Bo’s father Bo Yibo was a revolutionary who fell from grace and was imprisoned and tortured during the turbulent period. His mother was beaten to death and Bo Xilai himself spent time in a labour camp.

But when Mao died and reformist leader Deng Xiaoping eventually took over, Bo Yibo was rehabilitated and became one of the most powerful men in China, bestowing on his son an impeccable family pedigree that long protected him.

Bo took a master’s degree in journalism — an educational background that stands out in the crowd of engineers and scientists who make up China’s political elite.

For nearly two decades from 1985, he was based in China’s northeastern rustbelt, first as mayor of Dalian, a decaying port city that he is credited with transforming into a modern investment hub.

He then became governor of Liaoning province where Dalian is located, and in 2004 entered the Beijing limelight as China’s commerce minister, dazzling foreign counterparts with his modern, can-do attitude.

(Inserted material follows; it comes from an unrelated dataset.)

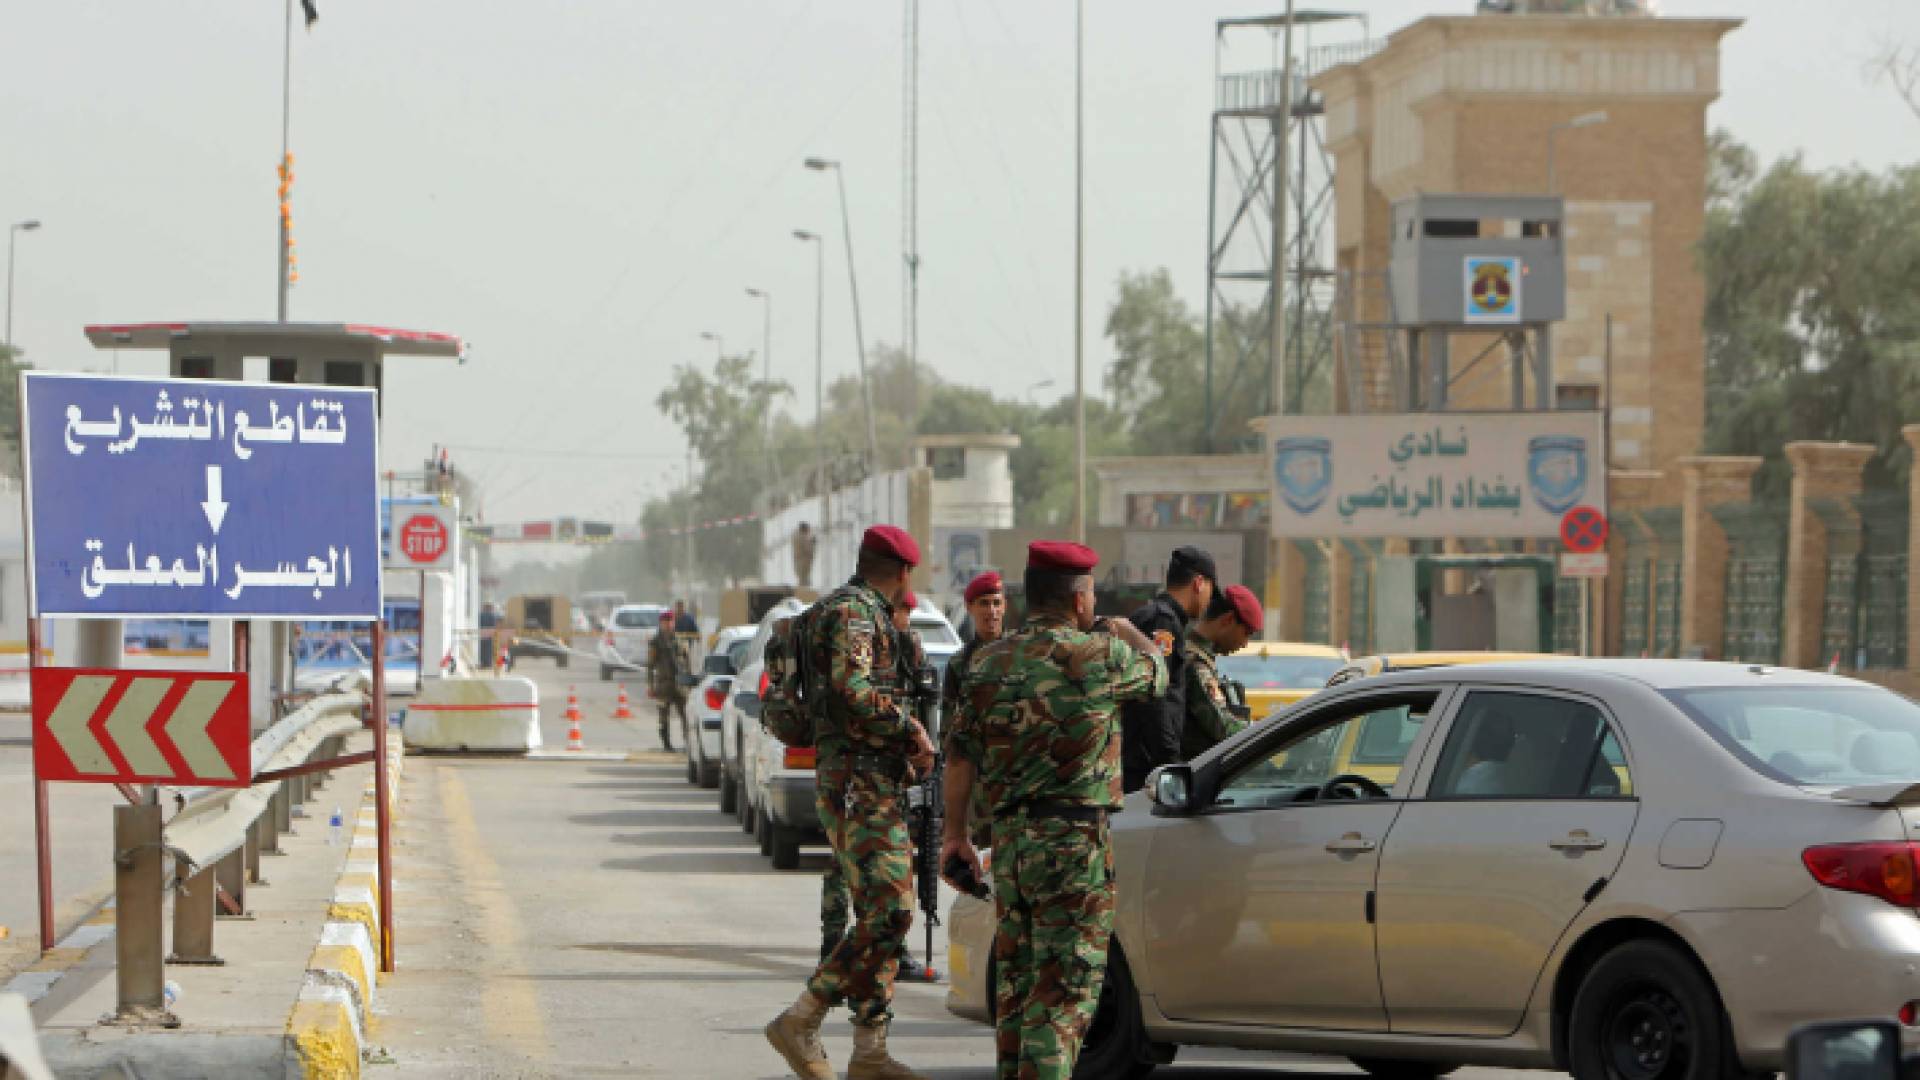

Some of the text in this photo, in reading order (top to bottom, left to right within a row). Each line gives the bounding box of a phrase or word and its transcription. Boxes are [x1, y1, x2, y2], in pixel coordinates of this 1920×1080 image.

“He was a reformer and wanted to see things change,” said David Zweig, a Chinese politics expert at the Hong Kong University of Science and Technology.

During that time, Bo hosted many foreign visitors including EU Trade Commissioner Peter Mandelson, with whom he appeared to be on genuinely friendly terms.

Outside observers said his move to Chongqing, a metropolis of more than 30 million, would propel him out of the limelight. But his anti-mafia and Maoist revival campaigns proved them wrong.

However, those who had praised Bo as relatively liberal soon grew disillusioned — particularly with his corruption crackdown, which many say was carried out with contempt for the law.

Bo is thought to have spent the last several months under house arrest as the drama involving his wife Gu’s murder of British business Neil Heywood played out.